----- PROVIDED ENTRIES -----
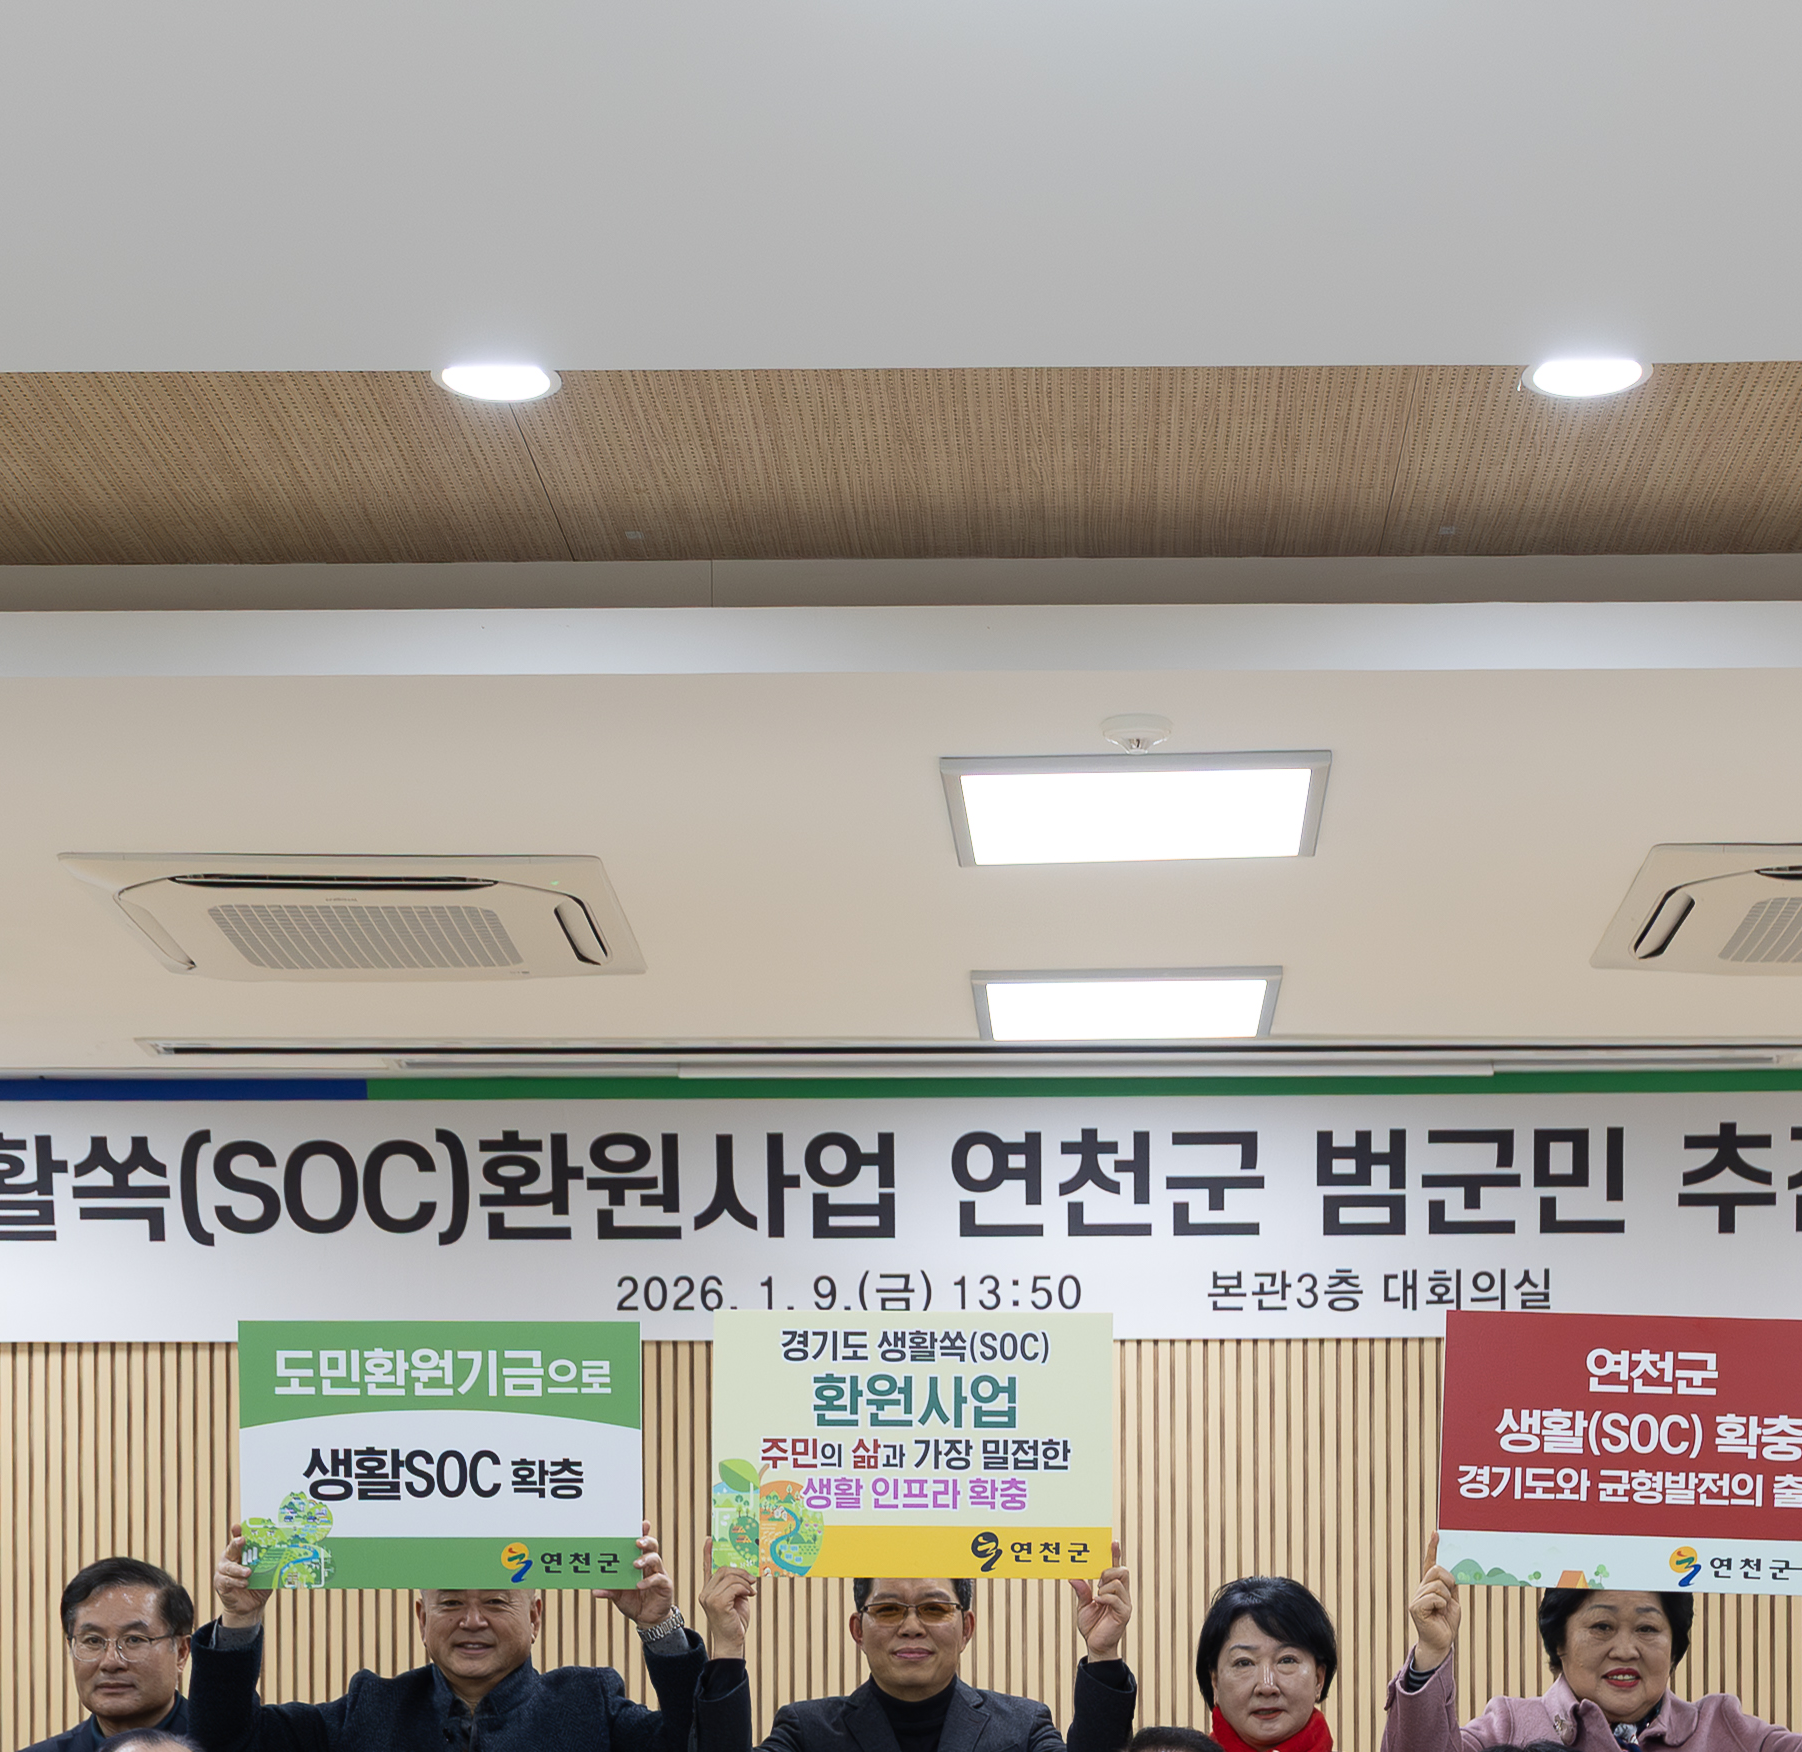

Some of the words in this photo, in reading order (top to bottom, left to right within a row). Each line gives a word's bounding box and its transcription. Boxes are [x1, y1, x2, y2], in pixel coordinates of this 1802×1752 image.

[950, 1128, 1265, 1238] 연천군
[1315, 1125, 1626, 1236] 범군민
[616, 1275, 739, 1311] 2026.
[760, 1275, 795, 1311] 1.
[953, 1274, 1082, 1311] 13:50
[1208, 1268, 1364, 1312] 본관3층
[1383, 1268, 1552, 1312] 대회의실
[780, 1329, 868, 1362] 경기도
[878, 1329, 1050, 1364] 생활쏙(SOC)
[274, 1348, 612, 1397] 도민환원기금으로
[1586, 1347, 1719, 1396] 연천군
[813, 1373, 1018, 1429] 환원사업
[760, 1437, 842, 1470] 주민의
[851, 1438, 905, 1470] 삶과
[914, 1438, 972, 1470] 가장
[981, 1438, 1071, 1471] 밀접한
[1495, 1408, 1704, 1459] 생활(SOC)
[303, 1446, 502, 1502] 생활SOC
[803, 1477, 864, 1510] 생활
[871, 1477, 960, 1510] 인프라
[968, 1477, 1028, 1511] 확충
[1457, 1465, 1590, 1502] 경기도와
[1598, 1469, 1764, 1508] 균형발전의
[540, 1552, 620, 1574] 연천군
[1011, 1541, 1091, 1563] 연천군
[1710, 1556, 1790, 1581] 연천군
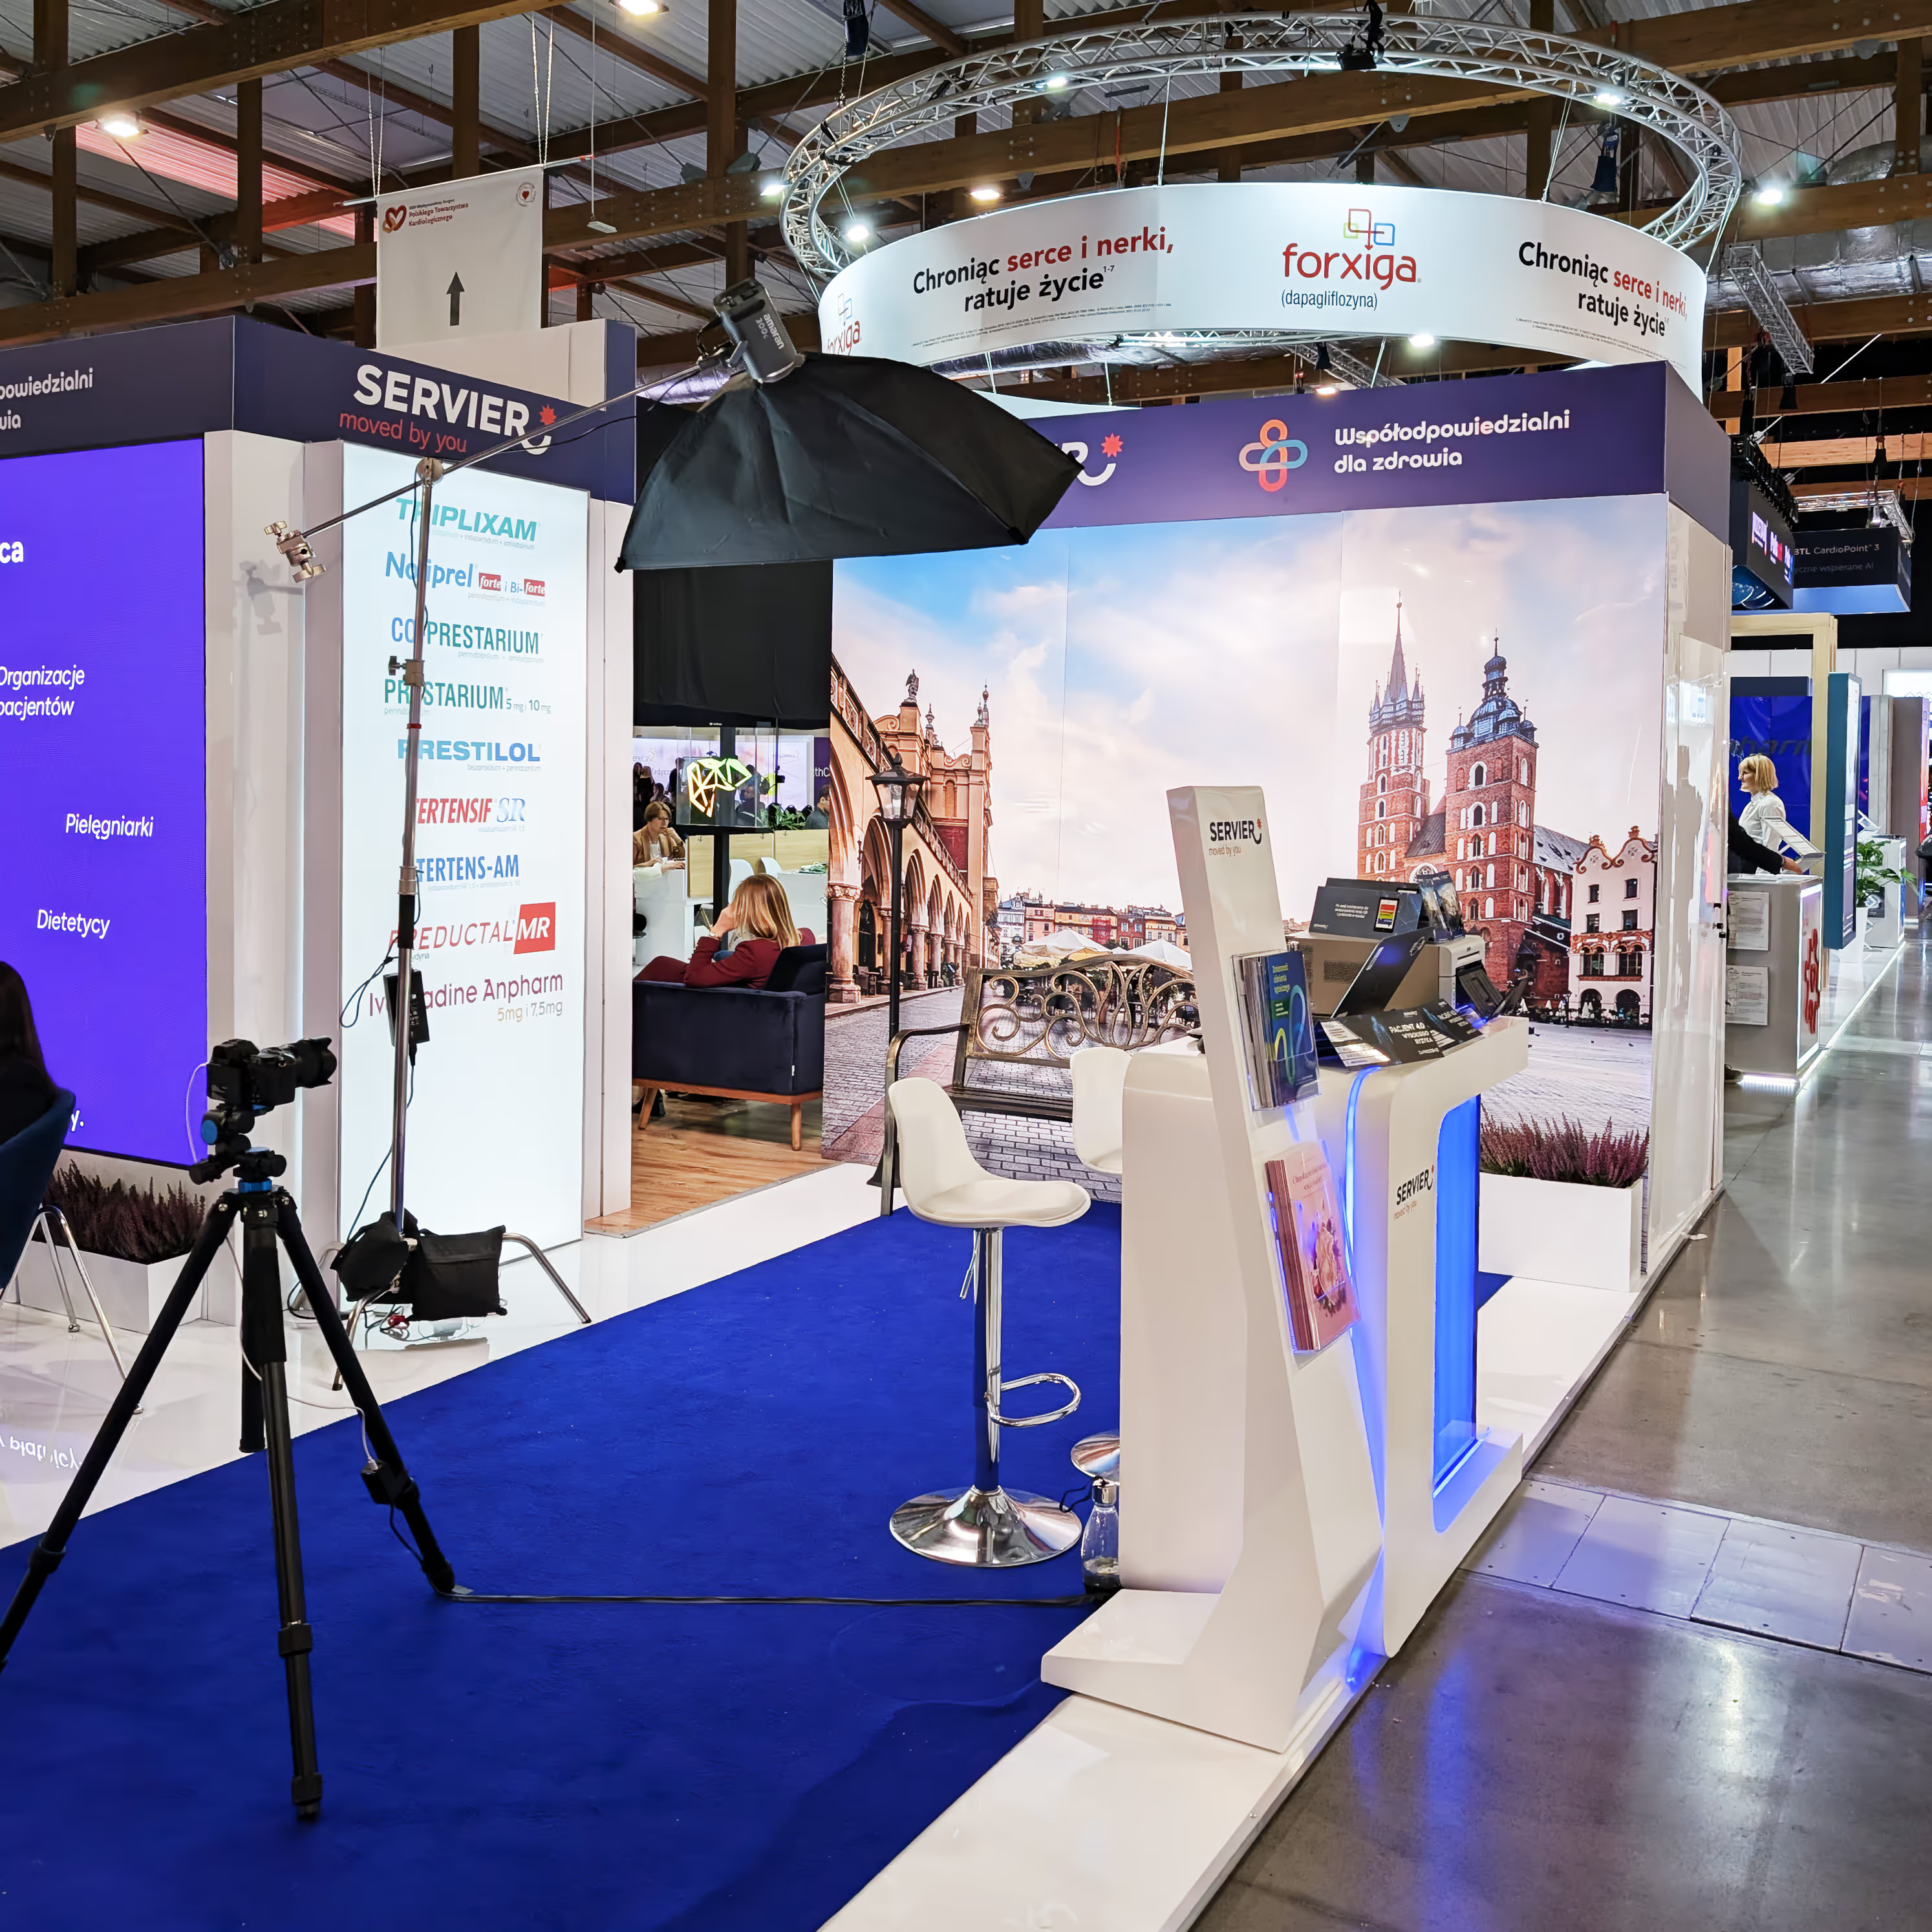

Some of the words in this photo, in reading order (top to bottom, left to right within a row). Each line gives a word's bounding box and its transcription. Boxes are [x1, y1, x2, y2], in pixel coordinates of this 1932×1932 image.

[409, 209, 434, 218] Polskiego
[435, 203, 469, 213] Towarzystwa
[409, 215, 453, 227] Kardiologicznego
[913, 257, 1000, 294] Chroniąc
[1007, 243, 1072, 272] serce
[1081, 235, 1088, 259] i
[1097, 226, 1174, 256] nerki,
[965, 280, 1031, 312] ratuje
[1519, 242, 1609, 288] Chroniąc
[1614, 270, 1652, 299] serce
[1656, 280, 1660, 303] i
[1662, 291, 1687, 321] nerki,
[1282, 290, 1378, 311] (dapagliflozyna)
[1578, 293, 1629, 326] ratuje
[763, 313, 784, 349] amaran
[354, 365, 552, 455] SERVIER
[339, 413, 403, 440] moved
[409, 422, 431, 449] by
[435, 433, 467, 453] you
[1335, 409, 1570, 447] Współodpowiedzialni
[1335, 455, 1367, 473] dla
[1373, 447, 1463, 471] zdrowia
[385, 552, 474, 588] Noiprel
[479, 574, 502, 590] forte
[385, 679, 504, 710] PRSTARIUM
[506, 698, 512, 710] 5
[528, 700, 540, 711] 10
[65, 813, 154, 840] Pielęgniarki
[415, 798, 492, 824] ERTENSIF
[497, 797, 526, 822] SR
[1210, 821, 1262, 845] SERVIER
[1208, 844, 1225, 855] moved
[1226, 844, 1232, 857] by
[1233, 846, 1241, 856] you
[37, 909, 110, 939] Dietetycy
[388, 920, 514, 951] PEDUCTAL
[517, 916, 550, 941] MR
[369, 983, 477, 1017] Ivadine
[483, 974, 563, 1004] Anpharm
[497, 1007, 523, 1022] 5mg
[531, 1001, 563, 1017] 7,5mg
[1397, 1169, 1433, 1206] SERVIER
-----
• [EXERCISE BRIEF] Transcribe every record above exactly as written, leaving out any pictures.

• [REPLY TO THE EXERCISE]
Some of the words in this photo, in reading order (top to bottom, left to right within a row). Each line gives a word's bounding box and its transcription. Boxes are [x1, y1, x2, y2], in pixel coordinates of this 1802×1752 image.

[950, 1128, 1265, 1238] 연천군
[1315, 1125, 1626, 1236] 범군민
[616, 1275, 739, 1311] 2026.
[760, 1275, 795, 1311] 1.
[953, 1274, 1082, 1311] 13:50
[1208, 1268, 1364, 1312] 본관3층
[1383, 1268, 1552, 1312] 대회의실
[780, 1329, 868, 1362] 경기도
[878, 1329, 1050, 1364] 생활쏙(SOC)
[274, 1348, 612, 1397] 도민환원기금으로
[1586, 1347, 1719, 1396] 연천군
[813, 1373, 1018, 1429] 환원사업
[760, 1437, 842, 1470] 주민의
[851, 1438, 905, 1470] 삶과
[914, 1438, 972, 1470] 가장
[981, 1438, 1071, 1471] 밀접한
[1495, 1408, 1704, 1459] 생활(SOC)
[303, 1446, 502, 1502] 생활SOC
[803, 1477, 864, 1510] 생활
[871, 1477, 960, 1510] 인프라
[968, 1477, 1028, 1511] 확충
[1457, 1465, 1590, 1502] 경기도와
[1598, 1469, 1764, 1508] 균형발전의
[540, 1552, 620, 1574] 연천군
[1011, 1541, 1091, 1563] 연천군
[1710, 1556, 1790, 1581] 연천군

Some of the words in this photo, in reading order (top to bottom, left to right within a row). Each line gives a word's bounding box and its transcription. Boxes are [x1, y1, x2, y2], in pixel coordinates of this 1932×1932 image.

[409, 209, 434, 218] Polskiego
[435, 203, 469, 213] Towarzystwa
[409, 215, 453, 227] Kardiologicznego
[913, 257, 1000, 294] Chroniąc
[1007, 243, 1072, 272] serce
[1081, 235, 1088, 259] i
[1097, 226, 1174, 256] nerki,
[965, 280, 1031, 312] ratuje
[1519, 242, 1609, 288] Chroniąc
[1614, 270, 1652, 299] serce
[1656, 280, 1660, 303] i
[1662, 291, 1687, 321] nerki,
[1282, 290, 1378, 311] (dapagliflozyna)
[1578, 293, 1629, 326] ratuje
[763, 313, 784, 349] amaran
[354, 365, 552, 455] SERVIER
[339, 413, 403, 440] moved
[409, 422, 431, 449] by
[435, 433, 467, 453] you
[1335, 409, 1570, 447] Współodpowiedzialni
[1335, 455, 1367, 473] dla
[1373, 447, 1463, 471] zdrowia
[385, 552, 474, 588] Noiprel
[479, 574, 502, 590] forte
[385, 679, 504, 710] PRSTARIUM
[506, 698, 512, 710] 5
[528, 700, 540, 711] 10
[65, 813, 154, 840] Pielęgniarki
[415, 798, 492, 824] ERTENSIF
[497, 797, 526, 822] SR
[1210, 821, 1262, 845] SERVIER
[1208, 844, 1225, 855] moved
[1226, 844, 1232, 857] by
[1233, 846, 1241, 856] you
[37, 909, 110, 939] Dietetycy
[388, 920, 514, 951] PEDUCTAL
[517, 916, 550, 941] MR
[369, 983, 477, 1017] Ivadine
[483, 974, 563, 1004] Anpharm
[497, 1007, 523, 1022] 5mg
[531, 1001, 563, 1017] 7,5mg
[1397, 1169, 1433, 1206] SERVIER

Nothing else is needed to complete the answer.